With a couple of exceptions, platinum plugs use a conventional electrode configuration with a small platinum plug welded to the tip of the center electrode (single platinum) or the tip of the center electrode and ground electrode (double platinum). ACDelco also offers a platinum version of its "Rapidfire" plug that features a fluted center electrode for improved ignition reliability. Likewise, Split-Fire offers a platinum version of its split electrode plugs for motorists who want extended life as well as reduced misfiring. By comparison, iridium plugs have a small wire center electrode, and like platinum plugs may be single iridium (center electrode only) or double iridium (center and ground electrodes).
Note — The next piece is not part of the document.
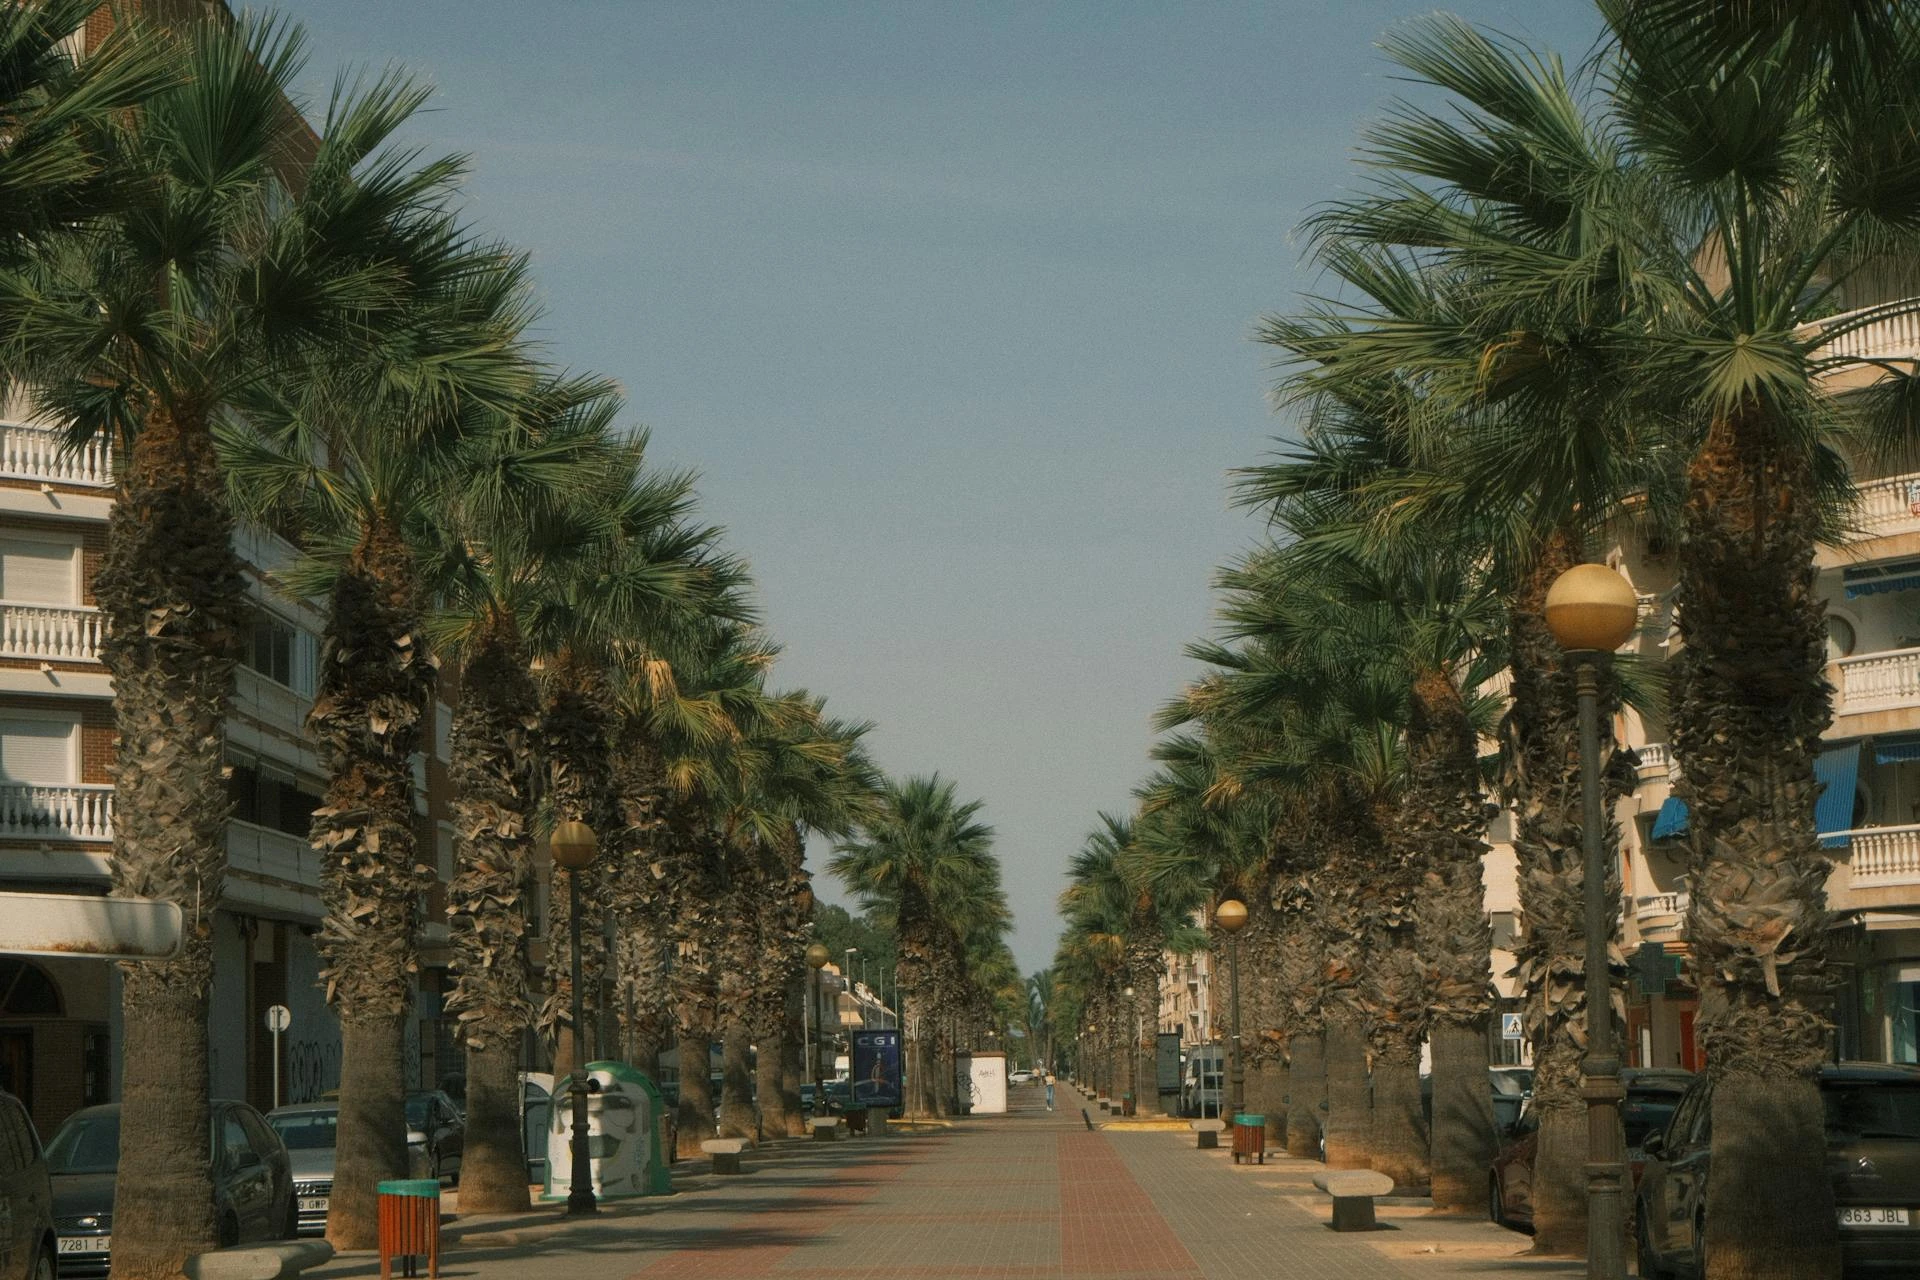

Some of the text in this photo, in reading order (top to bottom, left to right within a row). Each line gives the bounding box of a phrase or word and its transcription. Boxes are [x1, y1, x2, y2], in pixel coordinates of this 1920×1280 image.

[857, 1036, 896, 1045] CGI
[1878, 1209, 1905, 1223] JBL
[60, 1238, 112, 1251] 7281 FJ
The latest development in spark plug technology is Ruthenium Spark Plugs. Electrodes made of a special ruthenium alloy are said to last 2X longer than current iridium spark plugs, and 4X longer than standard nickel electrode spark plugs. The increased wear resistance of the electrodes means these plugs may truly become "lifetime" spark plugs that never need to be replaced. They are also said to offer better ignitability for improved performance, emissions, fuel economy and acceleration.
Choosing Racing Spark Plugs
Selecting the proper spark plugs for a performance engine can mean the difference between front of the pack and not finishing the race. When using this guide, understand that race plugs are usually of a much colder heat range rating than standard automotive spark plugs. Colder spark plugs must be used in engines with increased cylinder pressures, higher temperatures and greater horsepower. Other factors such as fuel delivery (turbo, supercharged), fuel types and piston-to-head clearance will also affect proper plug selection.
Step 1: Shell Design - The first step in choosing the proper race spark plug is determining the plug type that your cylinder head/piston will accept. Thread diameter and pitch, thread length and shell seat, as well as hex size are all factors that will define what shell type works best for your engine.
Step 2: Electrode Design - The second decision is electrode design and configuration. Is it a fine wire center or standard electrode? Projected or non-projected? Full coverage 'J-Gap' or perhaps a cut-back or angled ground wire? A good rule of thumb is to attain as much projection into the cylinder as possible. But be aware of piston clearance that could prohibit projected spark plugs from being used.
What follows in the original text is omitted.